■ **ASSIGNMENT**
Omit the pictures. Print each entry below exactly.

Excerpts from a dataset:
——————
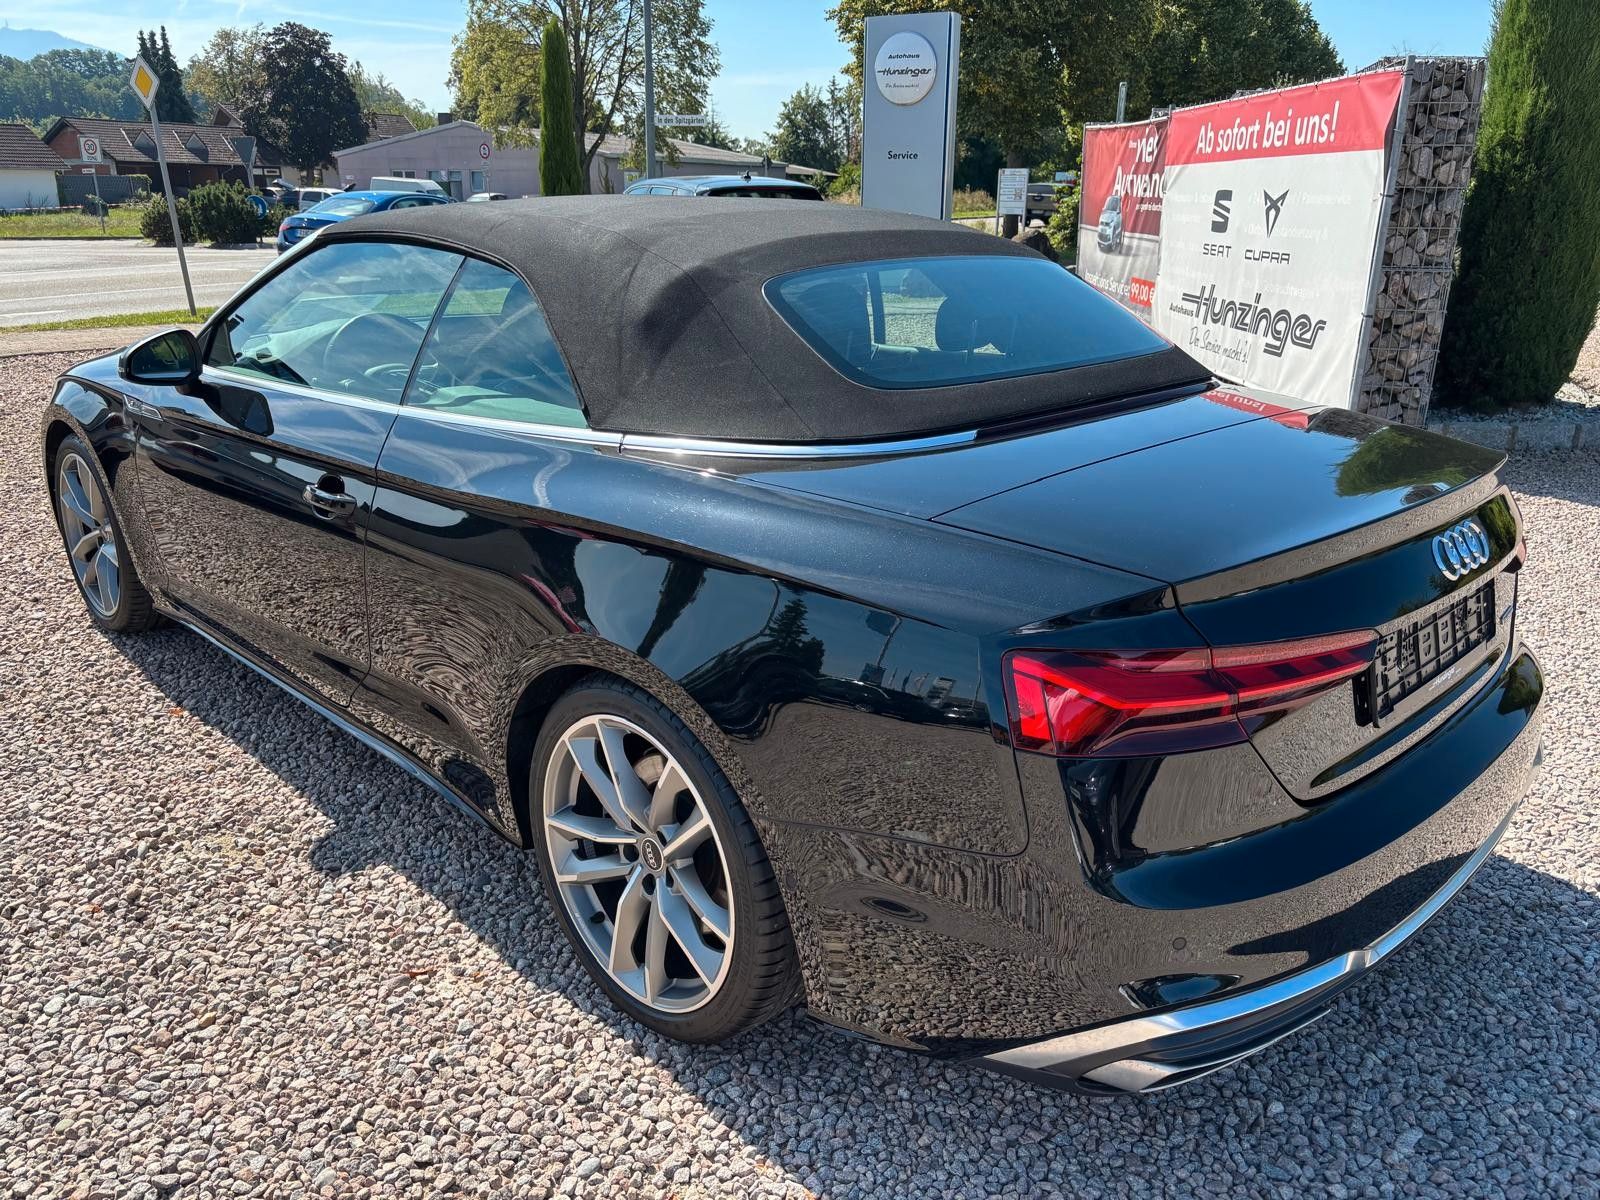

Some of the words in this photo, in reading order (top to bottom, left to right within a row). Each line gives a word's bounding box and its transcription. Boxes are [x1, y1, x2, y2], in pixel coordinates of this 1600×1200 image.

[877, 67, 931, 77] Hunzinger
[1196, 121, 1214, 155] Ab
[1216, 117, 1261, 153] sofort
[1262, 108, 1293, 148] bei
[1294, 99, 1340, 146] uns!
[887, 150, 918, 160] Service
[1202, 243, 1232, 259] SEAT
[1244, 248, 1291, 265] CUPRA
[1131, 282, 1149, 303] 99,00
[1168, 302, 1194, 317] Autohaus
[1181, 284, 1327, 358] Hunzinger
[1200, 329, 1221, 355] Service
——————
■ **COMPLETED TASK**
Some of the words in this photo, in reading order (top to bottom, left to right within a row). Each line gives a word's bounding box and its transcription. Boxes are [x1, y1, x2, y2], in pixel coordinates of this 1600×1200 image.

[877, 67, 931, 77] Hunzinger
[1196, 121, 1214, 155] Ab
[1216, 117, 1261, 153] sofort
[1262, 108, 1293, 148] bei
[1294, 99, 1340, 146] uns!
[887, 150, 918, 160] Service
[1202, 243, 1232, 259] SEAT
[1244, 248, 1291, 265] CUPRA
[1131, 282, 1149, 303] 99,00
[1168, 302, 1194, 317] Autohaus
[1181, 284, 1327, 358] Hunzinger
[1200, 329, 1221, 355] Service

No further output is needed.